■ **EXERCISE**
Skip the images and repeat every entry word for word.

(Stored entries)
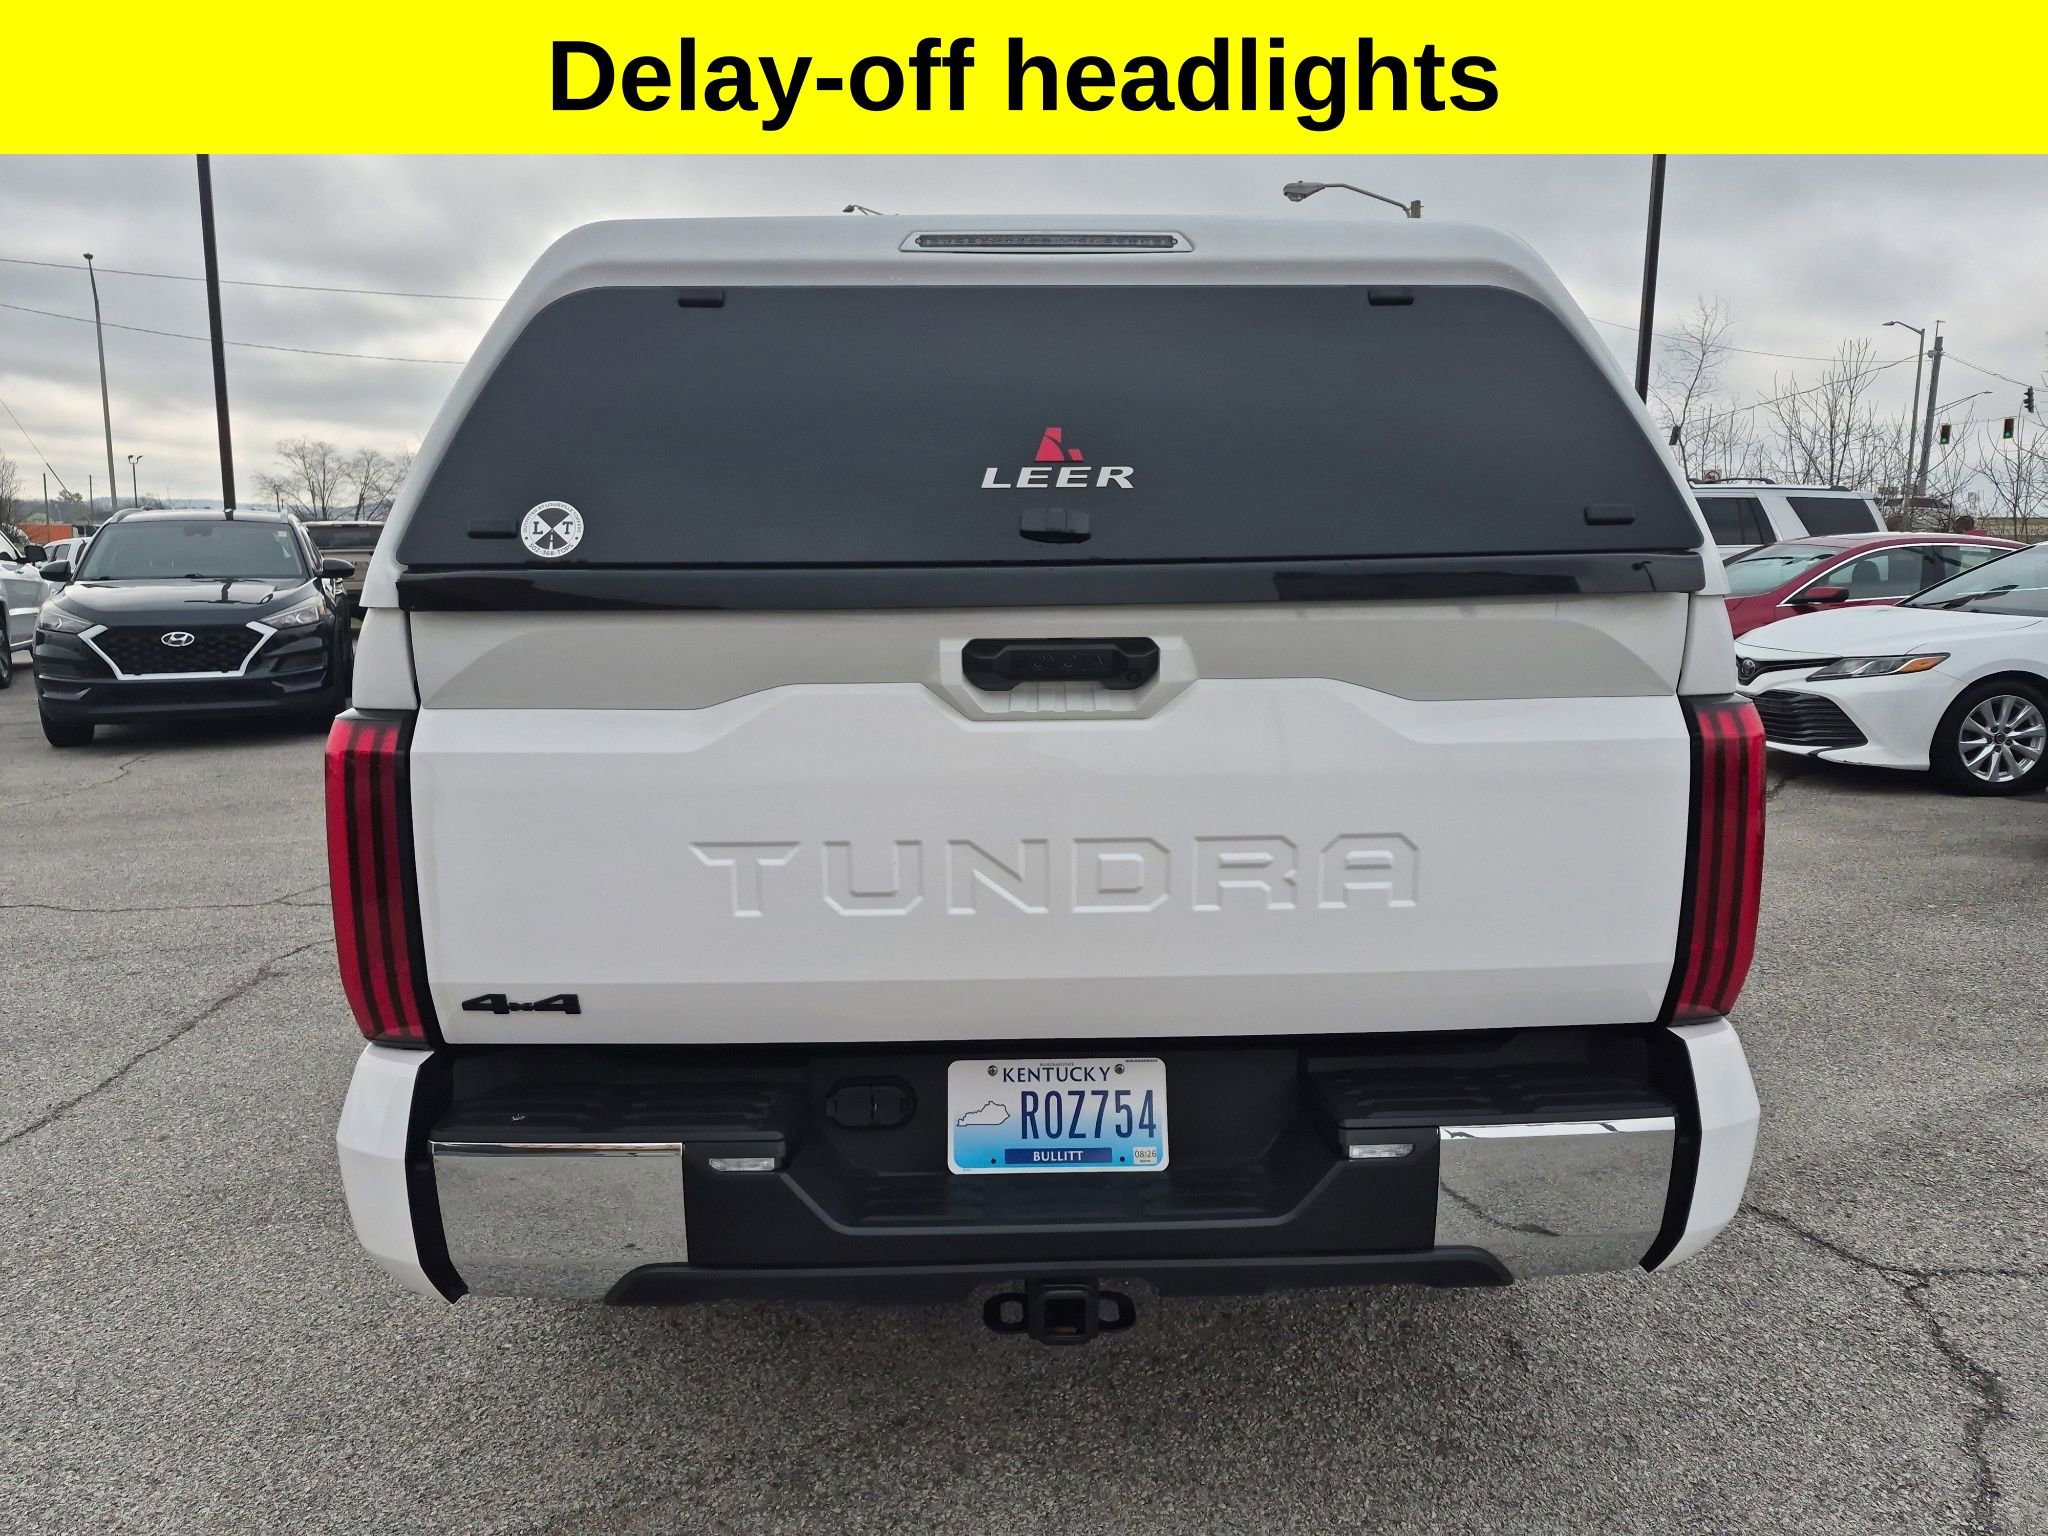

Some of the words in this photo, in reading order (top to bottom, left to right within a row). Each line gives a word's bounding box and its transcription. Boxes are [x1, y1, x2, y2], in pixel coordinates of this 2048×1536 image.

[981, 466, 1134, 489] LEER
[532, 521, 544, 535] L
[562, 521, 573, 535] T
[688, 832, 1419, 918] TUNDRA
[1003, 1066, 1111, 1083] KENTUCKY
[1033, 1150, 1084, 1162] BULLITT
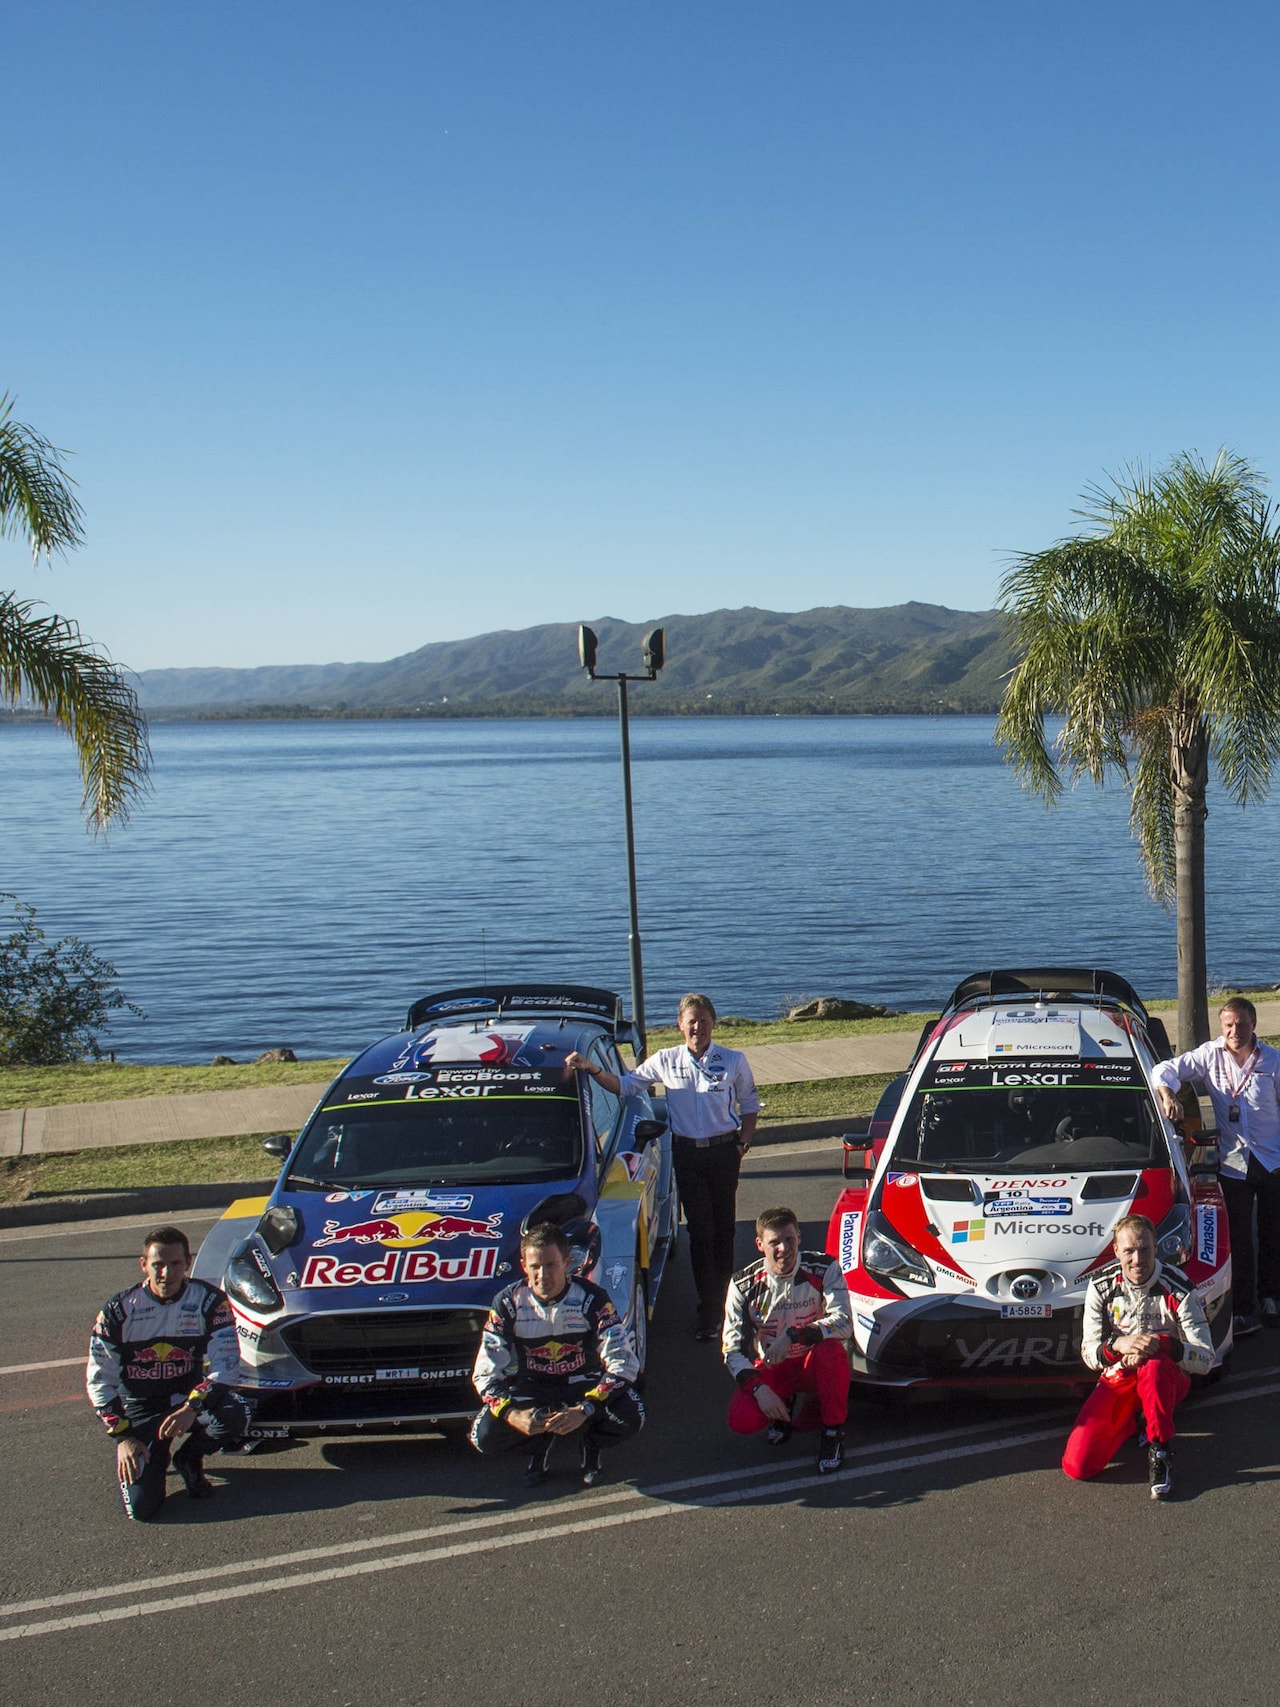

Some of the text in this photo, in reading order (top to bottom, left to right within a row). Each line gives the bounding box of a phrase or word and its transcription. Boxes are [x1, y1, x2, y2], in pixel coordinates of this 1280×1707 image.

■ **EXERCISE RESULT**
Some of the words in this photo, in reading order (top to bottom, left to right within a row). Each line gives a word's bounding box and its transcription. Boxes are [x1, y1, x2, y2], in pixel coordinates of this 2048×1536 image.

[981, 466, 1134, 489] LEER
[532, 521, 544, 535] L
[562, 521, 573, 535] T
[688, 832, 1419, 918] TUNDRA
[1003, 1066, 1111, 1083] KENTUCKY
[1033, 1150, 1084, 1162] BULLITT

Some of the text in this photo, in reading order (top to bottom, left to right within a row). Each line gives the bounding box of a phrase or word and its transcription. Boxes are [x1, y1, x2, y2], in pixel coordinates of this 1280×1707 image.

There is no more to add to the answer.